▸ **TASK TO CARRY OUT**:
Make an exact copy of all the data, pictures excluded.
(MATERIAL SUPPLIED)
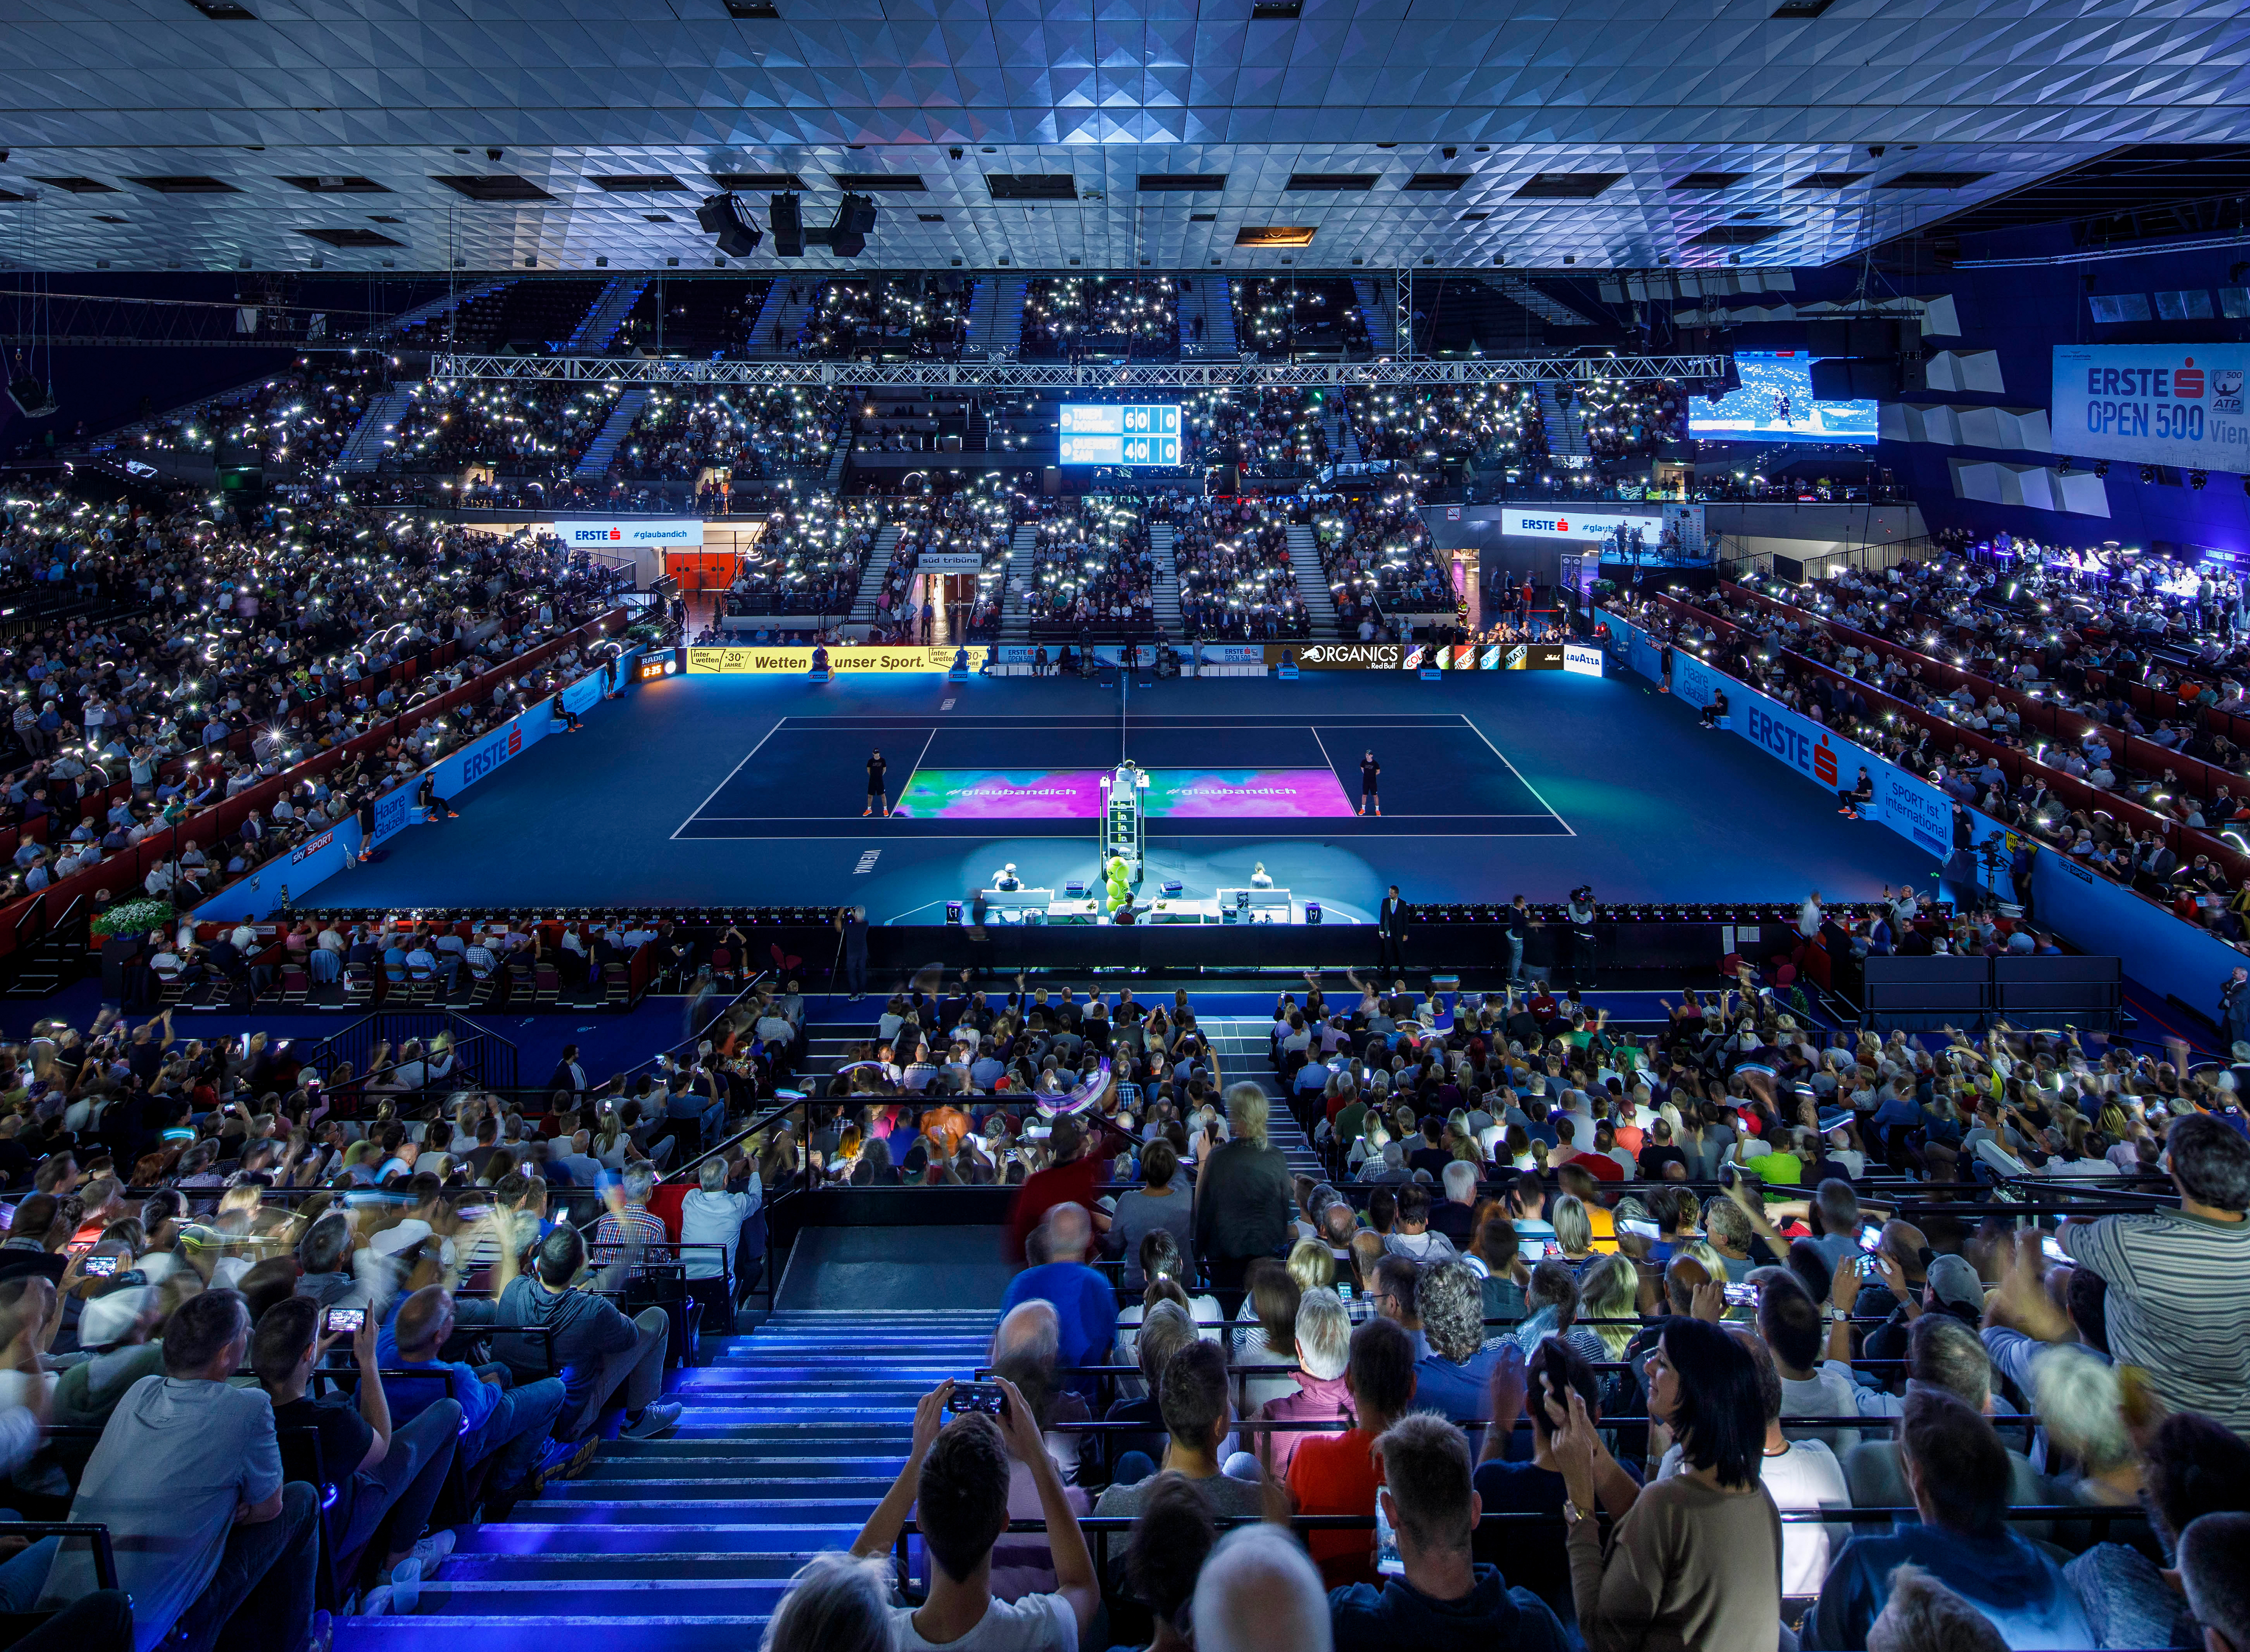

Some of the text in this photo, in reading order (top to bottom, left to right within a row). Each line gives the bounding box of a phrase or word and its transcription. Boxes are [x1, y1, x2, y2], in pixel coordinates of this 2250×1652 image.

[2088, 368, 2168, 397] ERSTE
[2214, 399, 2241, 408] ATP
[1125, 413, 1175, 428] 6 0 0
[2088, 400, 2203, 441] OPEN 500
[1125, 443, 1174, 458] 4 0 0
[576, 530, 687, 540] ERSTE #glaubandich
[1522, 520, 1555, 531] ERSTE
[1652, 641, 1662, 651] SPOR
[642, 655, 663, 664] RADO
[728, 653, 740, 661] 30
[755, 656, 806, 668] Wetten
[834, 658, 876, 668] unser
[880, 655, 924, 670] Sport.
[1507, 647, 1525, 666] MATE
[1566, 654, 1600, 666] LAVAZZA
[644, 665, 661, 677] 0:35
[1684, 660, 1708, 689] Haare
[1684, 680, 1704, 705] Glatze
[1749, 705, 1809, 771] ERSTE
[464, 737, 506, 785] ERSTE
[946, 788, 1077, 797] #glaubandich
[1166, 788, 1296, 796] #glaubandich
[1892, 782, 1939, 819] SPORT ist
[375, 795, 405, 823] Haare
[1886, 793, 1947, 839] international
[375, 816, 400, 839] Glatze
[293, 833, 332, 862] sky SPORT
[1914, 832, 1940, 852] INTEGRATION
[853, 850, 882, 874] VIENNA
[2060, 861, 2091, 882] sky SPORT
(End MATERIAL SUPPLIED)
▸ **EXERCISE SOLUTION**:
Some of the text in this photo, in reading order (top to bottom, left to right within a row). Each line gives the bounding box of a phrase or word and its transcription. Boxes are [x1, y1, x2, y2], in pixel coordinates of this 2250×1652 image.

[2088, 368, 2168, 397] ERSTE
[2214, 399, 2241, 408] ATP
[1125, 413, 1175, 428] 6 0 0
[2088, 400, 2203, 441] OPEN 500
[1125, 443, 1174, 458] 4 0 0
[576, 530, 687, 540] ERSTE #glaubandich
[1522, 520, 1555, 531] ERSTE
[1652, 641, 1662, 651] SPOR
[642, 655, 663, 664] RADO
[728, 653, 740, 661] 30
[755, 656, 806, 668] Wetten
[834, 658, 876, 668] unser
[880, 655, 924, 670] Sport.
[1507, 647, 1525, 666] MATE
[1566, 654, 1600, 666] LAVAZZA
[644, 665, 661, 677] 0:35
[1684, 660, 1708, 689] Haare
[1684, 680, 1704, 705] Glatze
[1749, 705, 1809, 771] ERSTE
[464, 737, 506, 785] ERSTE
[946, 788, 1077, 797] #glaubandich
[1166, 788, 1296, 796] #glaubandich
[1892, 782, 1939, 819] SPORT ist
[375, 795, 405, 823] Haare
[1886, 793, 1947, 839] international
[375, 816, 400, 839] Glatze
[293, 833, 332, 862] sky SPORT
[1914, 832, 1940, 852] INTEGRATION
[853, 850, 882, 874] VIENNA
[2060, 861, 2091, 882] sky SPORT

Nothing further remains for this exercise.